Élu sous la bannière du parti au pouvoir, un jeune député s’est immédiatement rendu à l’Assemblée nationale. Confronté à des militaires en armes, il a estimé de son devoir de voter le rétablissement de l’ordre constitutionnel. Il a ensuite œuvré à rassembler des soutiens au sein de sa propre formation politique pour permettre le vote d’une motion de destitution. Isolé et critiqué par ses anciens alliés, il a finalement apporté son soutien à l’opposition.
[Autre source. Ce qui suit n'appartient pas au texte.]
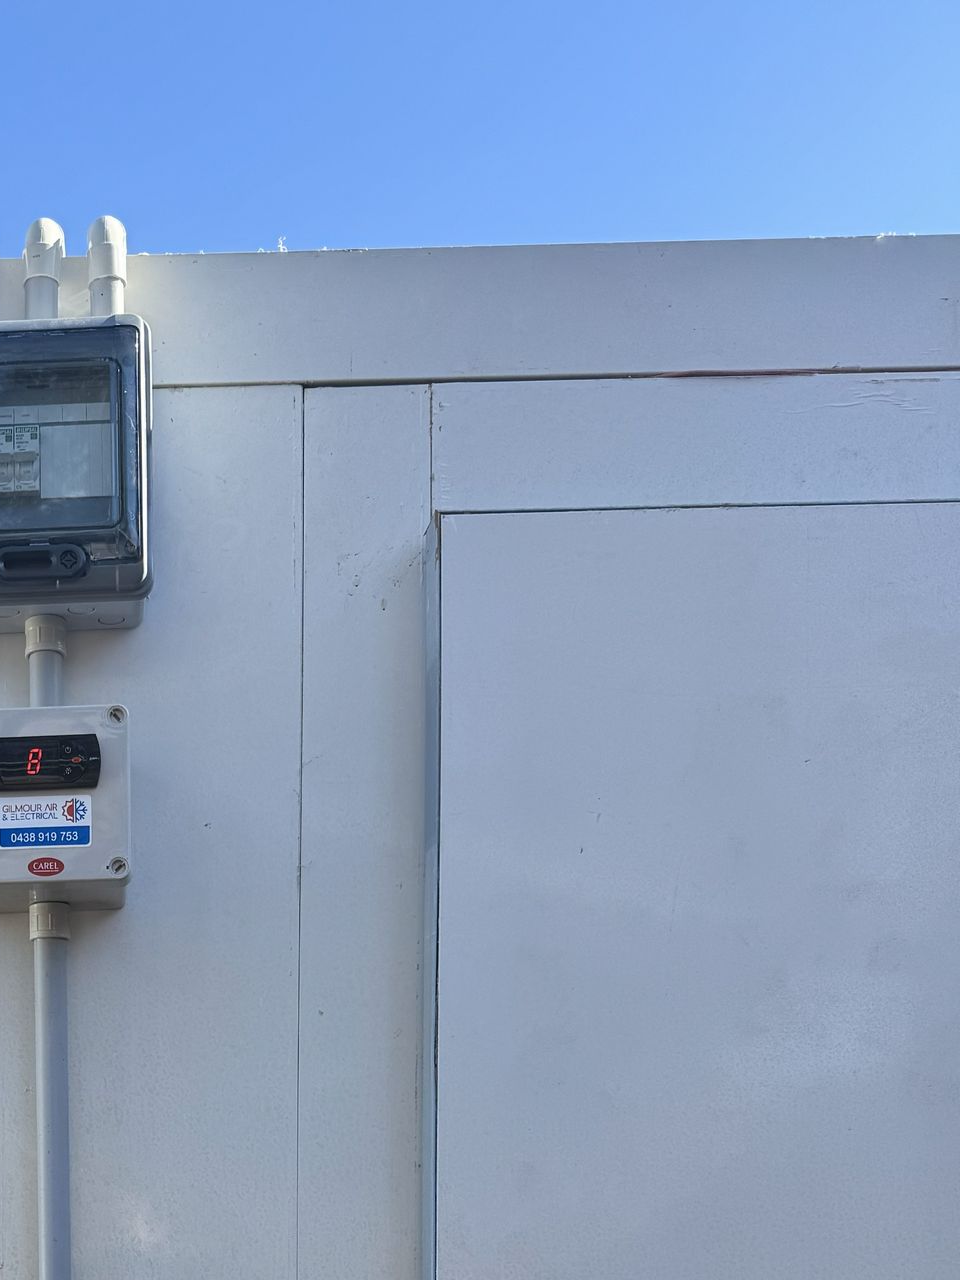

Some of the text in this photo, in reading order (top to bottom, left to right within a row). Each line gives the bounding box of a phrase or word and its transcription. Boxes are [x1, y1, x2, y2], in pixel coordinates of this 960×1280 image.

[26, 748, 42, 775] 8
[2, 802, 58, 813] GILMOUR AIR
[2, 812, 58, 821] & ELECTRICAL
[10, 831, 78, 843] 0438 919 753
[32, 862, 59, 870] CAREL
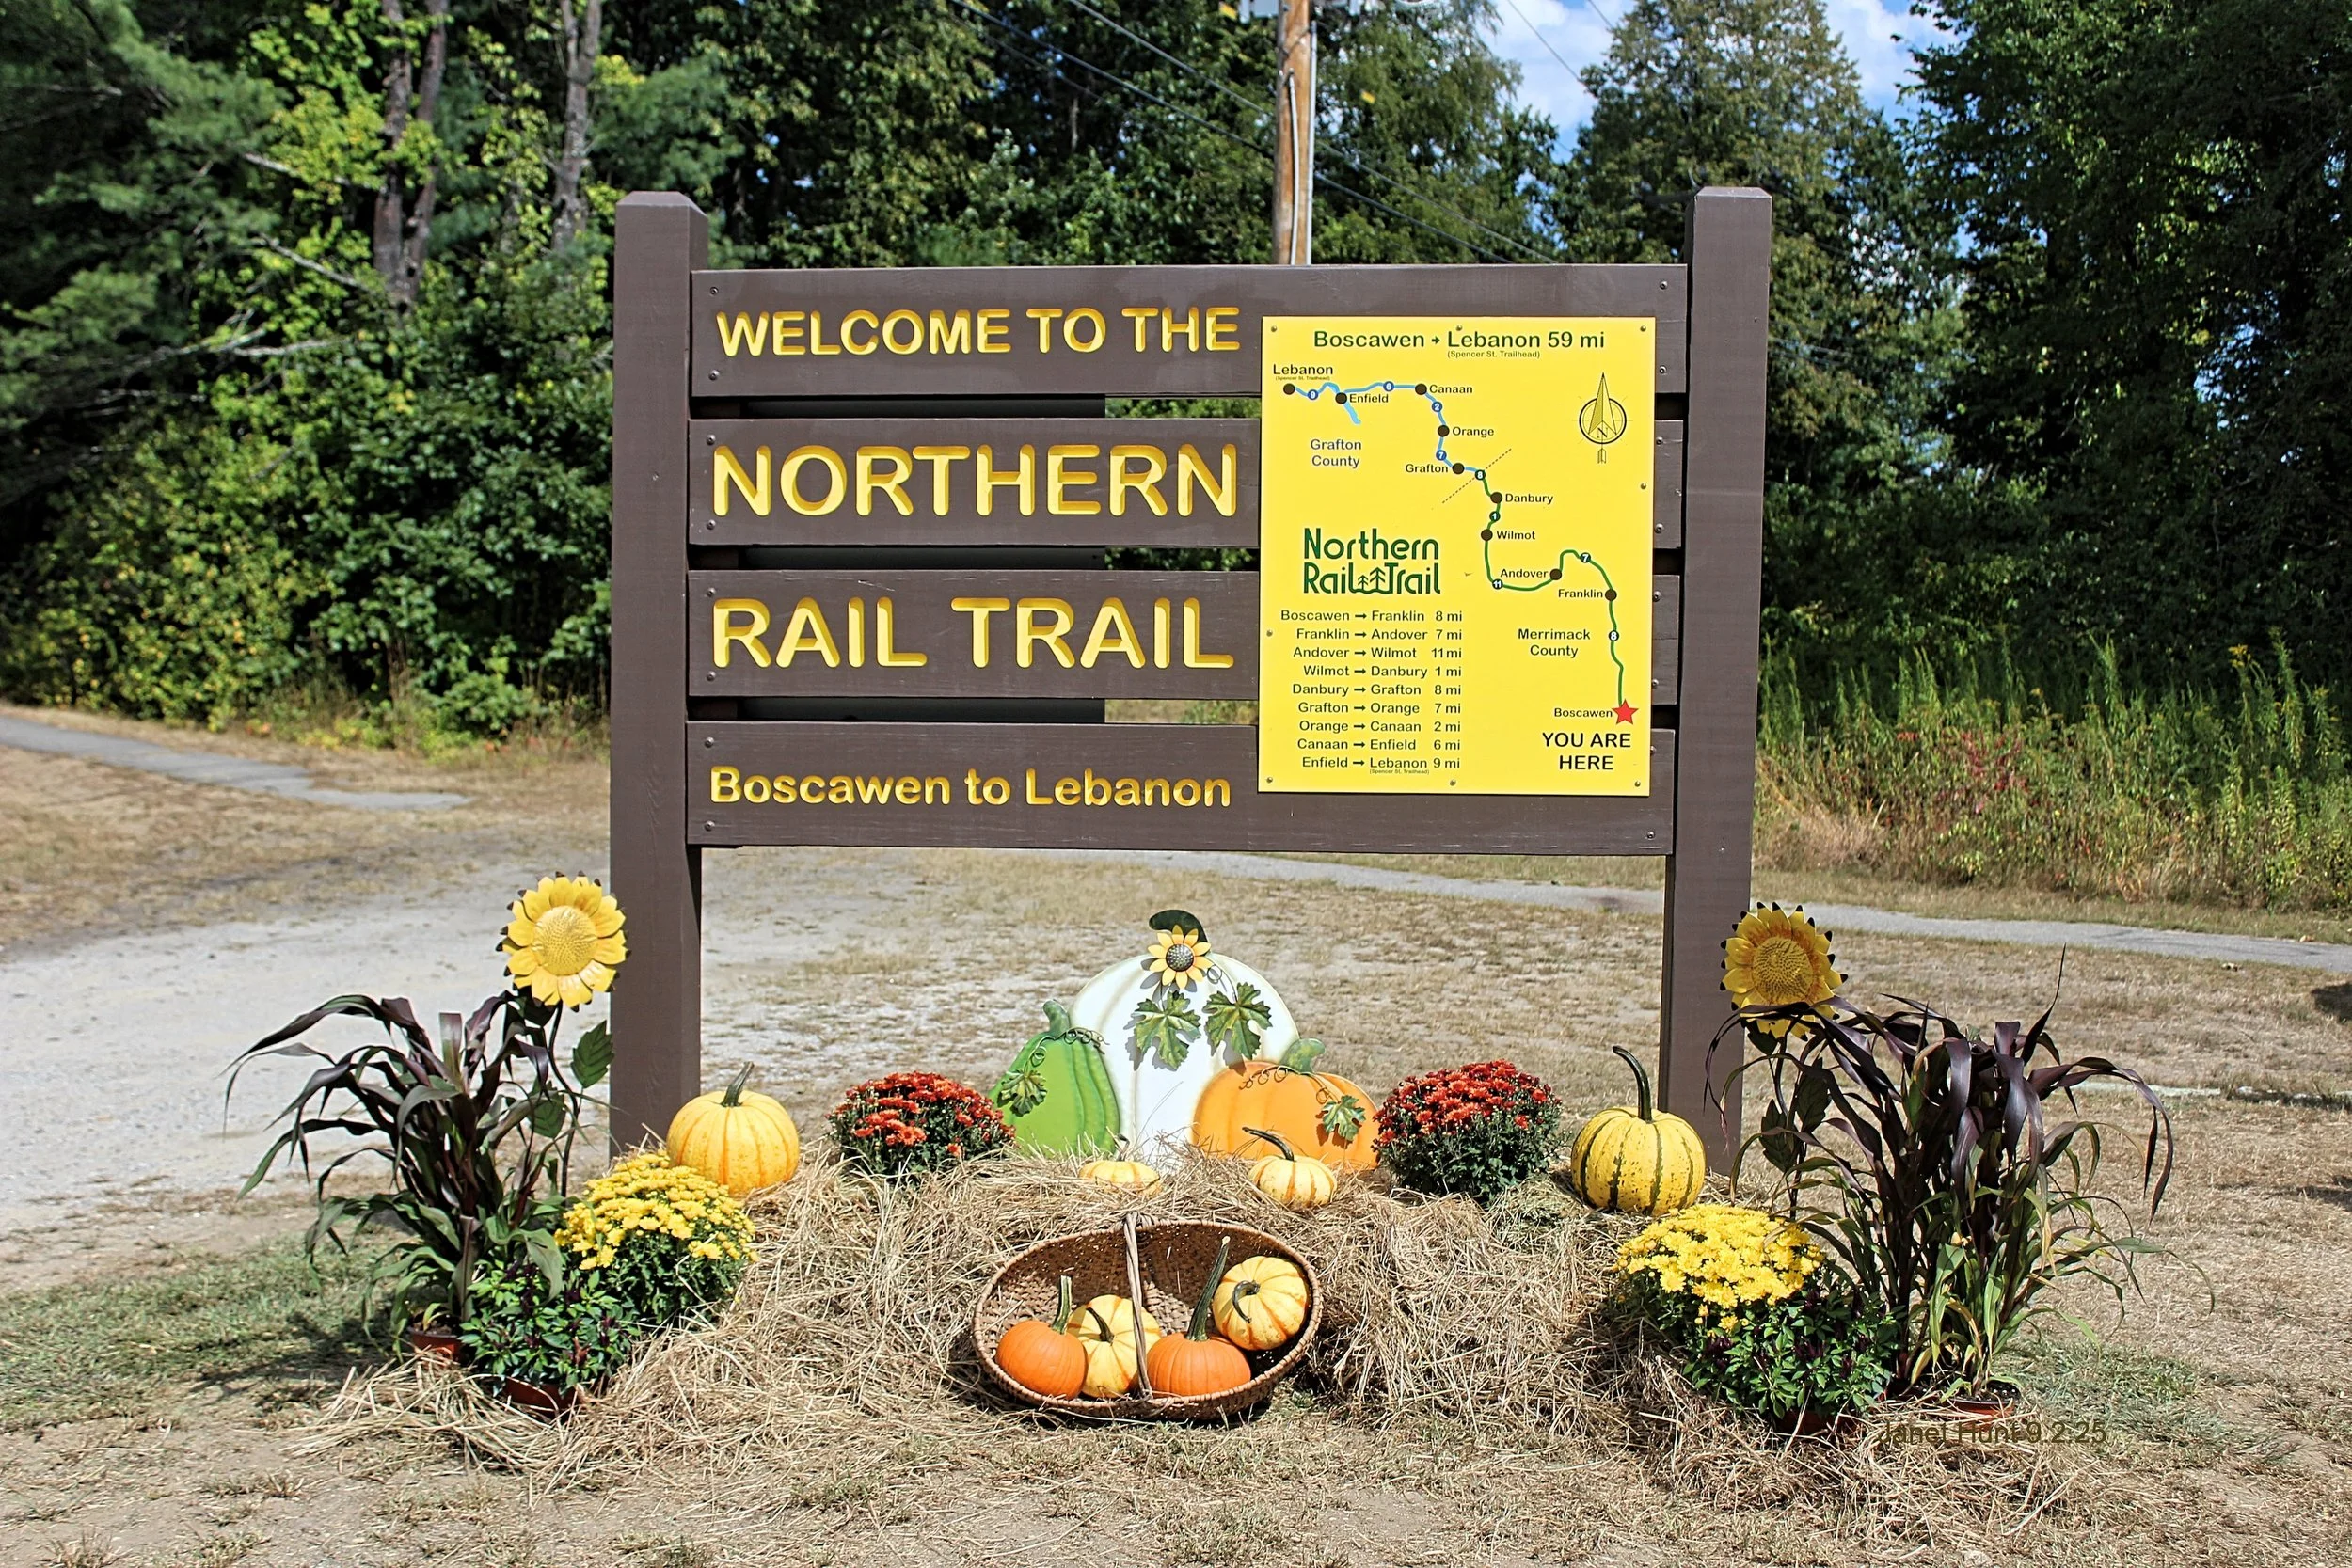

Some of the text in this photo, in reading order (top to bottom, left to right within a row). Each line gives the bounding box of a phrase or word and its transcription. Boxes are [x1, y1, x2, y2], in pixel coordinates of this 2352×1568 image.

[716, 307, 1240, 356] WELCOME TO THE
[1314, 330, 1603, 348] Boscawen Lebanon 59 mi
[1274, 364, 1333, 374] Lebanon
[1428, 385, 1472, 395] Canaan
[1350, 394, 1388, 403] Enfield
[1434, 403, 1440, 411] 2
[1453, 427, 1494, 437] Orange
[1311, 439, 1361, 450] Grafton
[1312, 455, 1359, 468] County
[1406, 463, 1449, 472] Grafton
[713, 443, 1237, 515] NORTHERN
[1505, 494, 1553, 504] Danbury
[1497, 531, 1535, 539] Wilmot
[1305, 528, 1438, 560] Northern
[1501, 569, 1548, 578] Andover
[1559, 589, 1603, 597] Franklin
[1281, 610, 1462, 621] Boscawen Franklin 8 mi
[713, 597, 1234, 668] RAIL TRAIL
[1297, 628, 1461, 640] Franklin Andover 7 mi
[1518, 628, 1590, 640] Merrimack
[1294, 647, 1461, 657] Andover Wilmot 11 mi
[1531, 645, 1578, 658] County
[1304, 665, 1461, 679] Wilmot Danbury 1 mi
[1293, 684, 1460, 697] Danbury Grafton 8 mi
[1298, 702, 1460, 716] Grafton Orange 7 mi
[1554, 708, 1613, 717] Boscawen
[1299, 721, 1460, 734] Orange Canaan 2 mi
[1298, 738, 1460, 750] Canaan Enfield 6 mi
[1543, 733, 1630, 748] YOU ARE
[1303, 757, 1459, 768] Enfield Lebanon 9 mi
[1560, 755, 1613, 770] HERE
[710, 766, 1231, 806] Boscawen to Lebanon
Il affirme aujourd’hui avoir trouvé, à travers ces événements, une nouvelle direction politique et une forme de sérénité.

Au ministère de la Justice, un haut fonctionnaire chargé du contrôle légal a assisté à une réunion convoquée dans la foulée de la proclamation. Apprenant que les travaux porteraient sur la mise en œuvre de la loi martiale, il a immédiatement rédigé sa lettre de démission. Il a été le seul membre de l’administration à prendre cette décision durant la crise. Désormais éloigné de la fonction publique, il consacre son temps à des activités personnelles. Il reste persuadé que de nombreux collègues partageaient ses réserves, sans pour autant les exprimer.

Une étudiante, récemment titulaire de son permis de conduire, s’est précipitée avec ses parents vers le quartier parlementaire. Sa famille, ayant connu les périodes autoritaires du passé, percevait la gravité de la situation. Sur place, bien que le siège de l’Assemblée ait déjà été levé, elle a aperçu un véhicule blindé se dirigeant vers le bâtiment. Elle s’est alors placée délibérément sur sa trajectoire. Les semaines suivantes, elle a participé aux rassemblements populaires qui ont émaillé l’hiver. Cette expérience collective l’a profondément marquée et lui a donné le désir de s’engager davantage dans la vie universitaire et citoyenne. Elle déclare vouloir incarner la même détermination à l’avenir.